=== Section Start ===
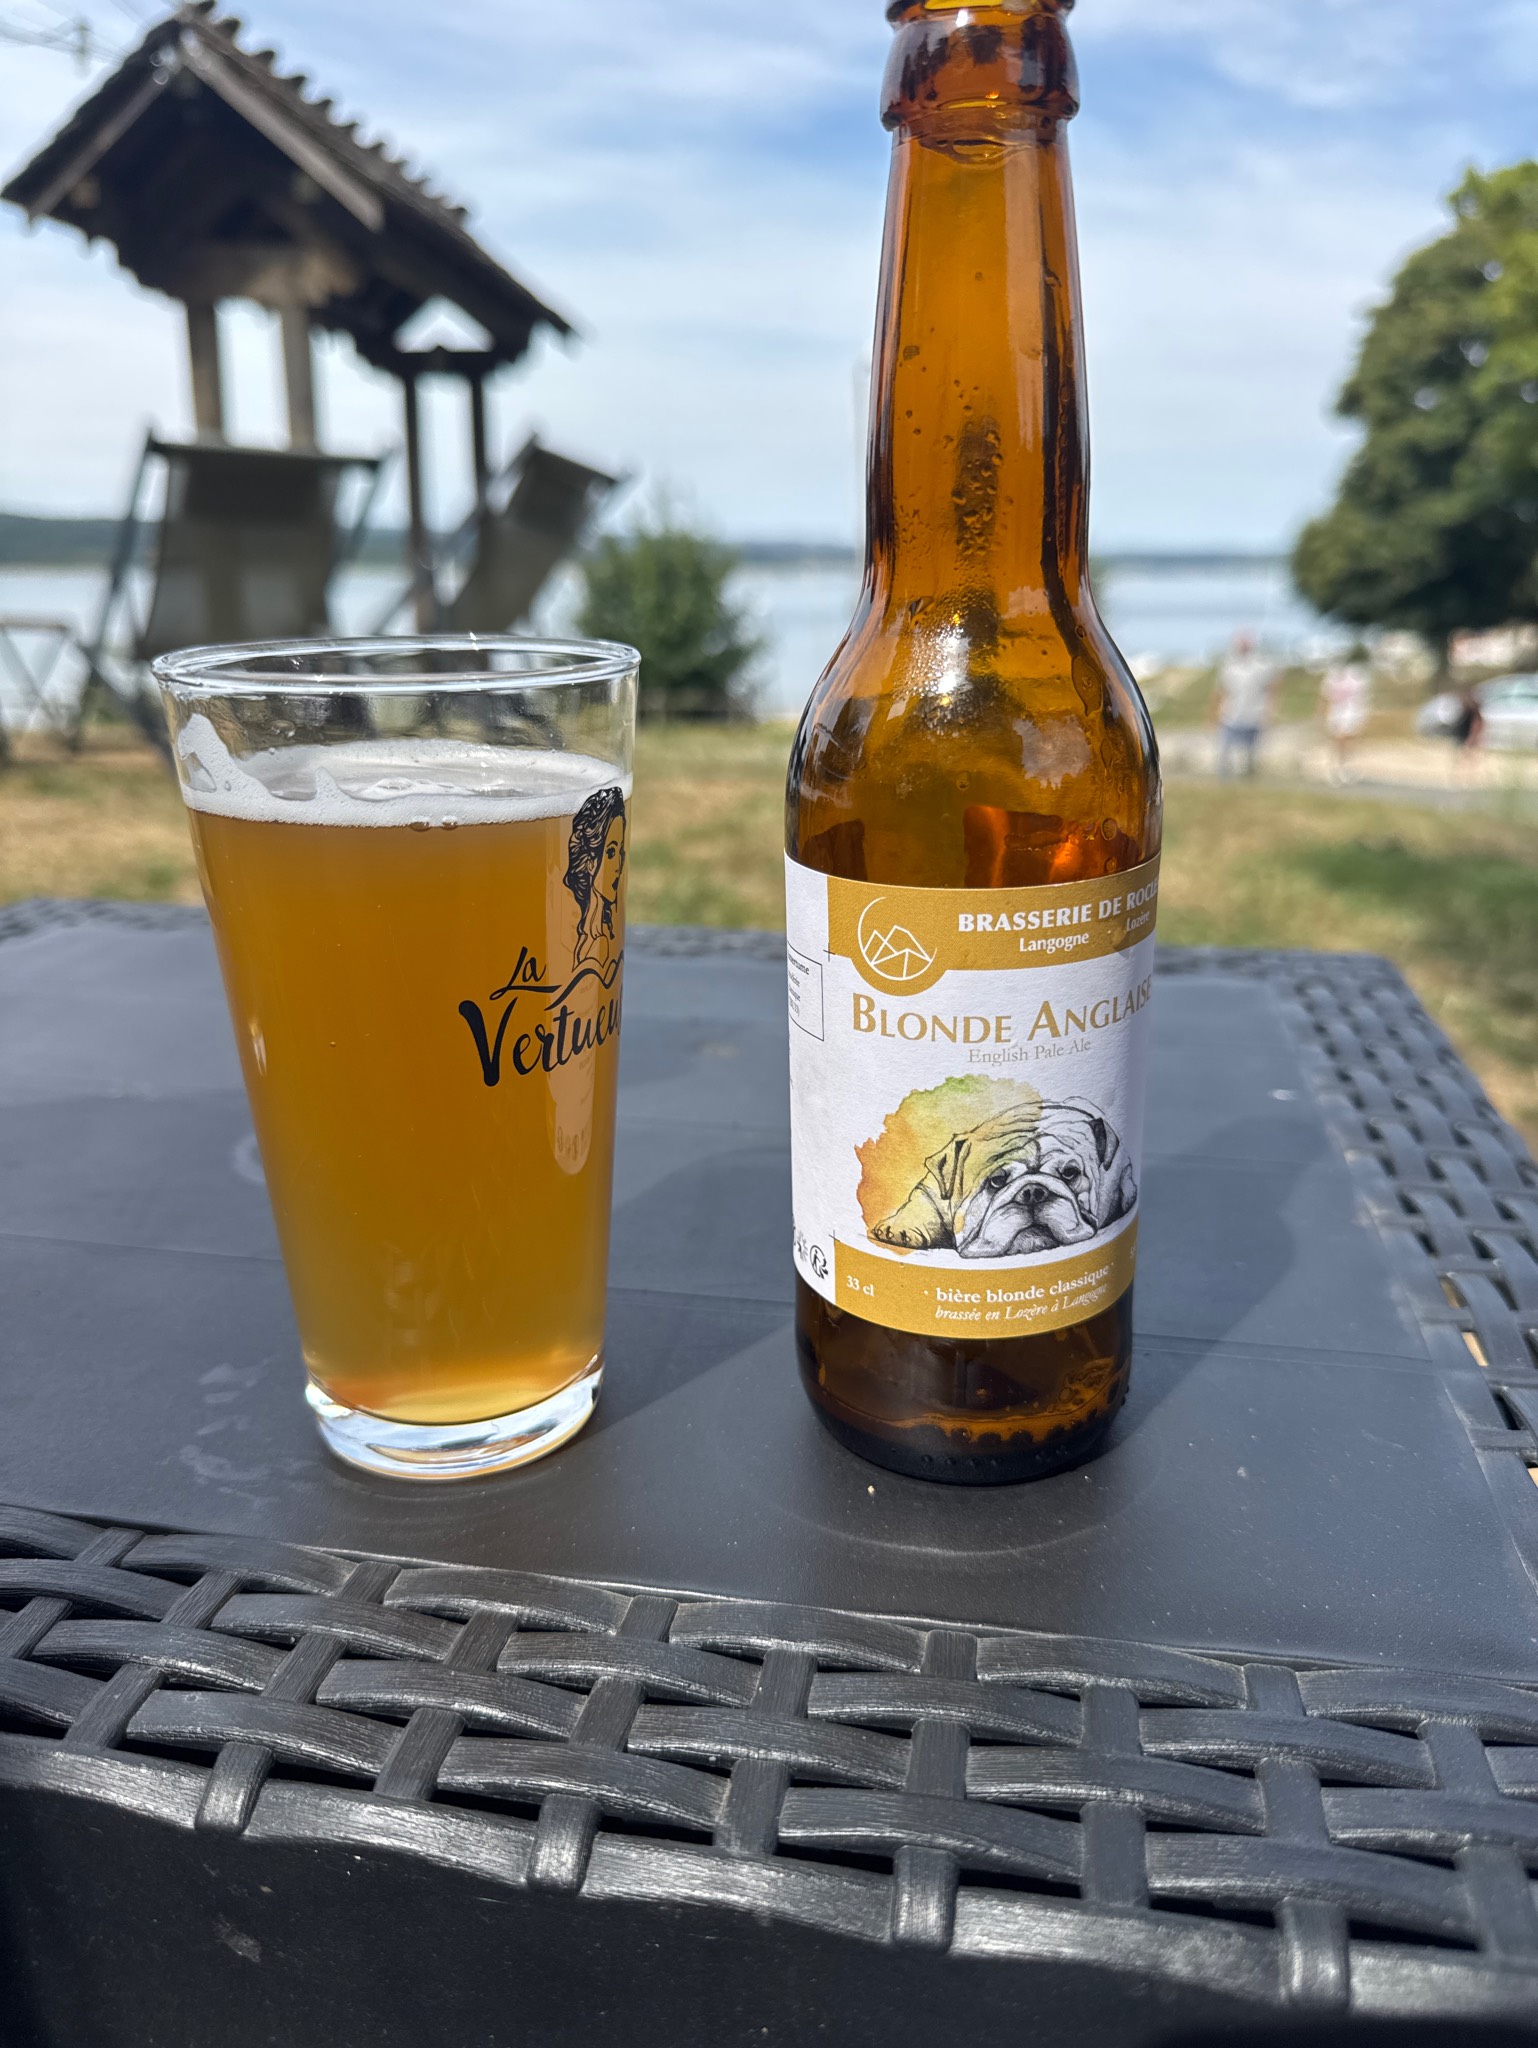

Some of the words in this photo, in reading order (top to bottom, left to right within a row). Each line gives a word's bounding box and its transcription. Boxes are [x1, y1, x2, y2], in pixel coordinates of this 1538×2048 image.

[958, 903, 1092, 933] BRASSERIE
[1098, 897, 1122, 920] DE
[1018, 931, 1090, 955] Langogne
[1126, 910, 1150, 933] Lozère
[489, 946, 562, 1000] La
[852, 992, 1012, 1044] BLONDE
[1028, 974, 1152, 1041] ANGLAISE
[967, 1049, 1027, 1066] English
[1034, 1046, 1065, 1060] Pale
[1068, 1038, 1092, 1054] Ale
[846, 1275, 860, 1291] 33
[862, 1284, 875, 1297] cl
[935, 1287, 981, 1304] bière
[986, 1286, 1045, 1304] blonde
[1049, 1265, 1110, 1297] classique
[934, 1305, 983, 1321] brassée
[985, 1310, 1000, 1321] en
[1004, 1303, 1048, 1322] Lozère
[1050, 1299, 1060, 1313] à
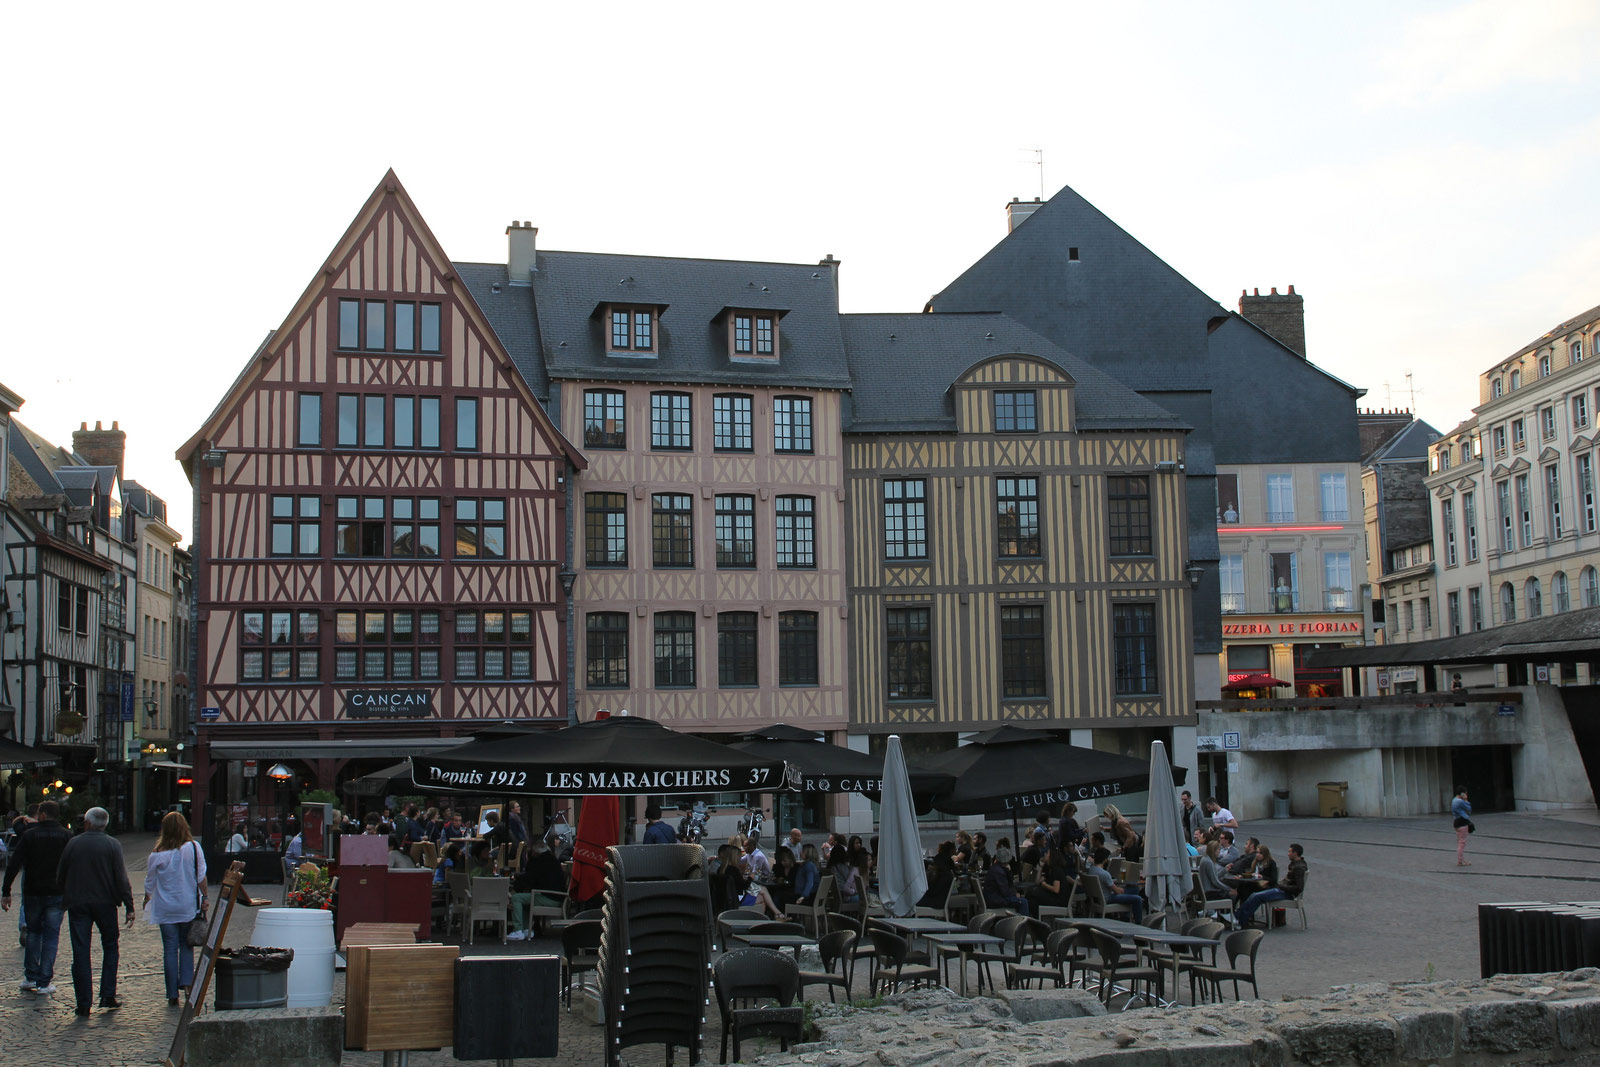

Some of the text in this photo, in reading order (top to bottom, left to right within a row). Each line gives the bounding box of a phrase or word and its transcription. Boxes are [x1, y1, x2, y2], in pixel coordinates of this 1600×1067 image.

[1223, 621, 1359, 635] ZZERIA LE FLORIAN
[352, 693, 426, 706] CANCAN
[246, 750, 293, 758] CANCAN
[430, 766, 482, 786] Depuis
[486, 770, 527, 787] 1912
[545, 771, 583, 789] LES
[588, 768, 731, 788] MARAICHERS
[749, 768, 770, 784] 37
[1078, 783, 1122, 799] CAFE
=== Section End ===
== What the exercise asks ==
Return the listing above in an exact copy that leaves out the images.

== Response for this exercise ==
Some of the words in this photo, in reading order (top to bottom, left to right within a row). Each line gives a word's bounding box and its transcription. Boxes are [x1, y1, x2, y2], in pixel coordinates of this 1538×2048 image.

[958, 903, 1092, 933] BRASSERIE
[1098, 897, 1122, 920] DE
[1018, 931, 1090, 955] Langogne
[1126, 910, 1150, 933] Lozère
[489, 946, 562, 1000] La
[852, 992, 1012, 1044] BLONDE
[1028, 974, 1152, 1041] ANGLAISE
[967, 1049, 1027, 1066] English
[1034, 1046, 1065, 1060] Pale
[1068, 1038, 1092, 1054] Ale
[846, 1275, 860, 1291] 33
[862, 1284, 875, 1297] cl
[935, 1287, 981, 1304] bière
[986, 1286, 1045, 1304] blonde
[1049, 1265, 1110, 1297] classique
[934, 1305, 983, 1321] brassée
[985, 1310, 1000, 1321] en
[1004, 1303, 1048, 1322] Lozère
[1050, 1299, 1060, 1313] à

Some of the text in this photo, in reading order (top to bottom, left to right within a row). Each line gives the bounding box of a phrase or word and its transcription. Boxes are [x1, y1, x2, y2], in pixel coordinates of this 1600×1067 image.

[1223, 621, 1359, 635] ZZERIA LE FLORIAN
[352, 693, 426, 706] CANCAN
[246, 750, 293, 758] CANCAN
[430, 766, 482, 786] Depuis
[486, 770, 527, 787] 1912
[545, 771, 583, 789] LES
[588, 768, 731, 788] MARAICHERS
[749, 768, 770, 784] 37
[1078, 783, 1122, 799] CAFE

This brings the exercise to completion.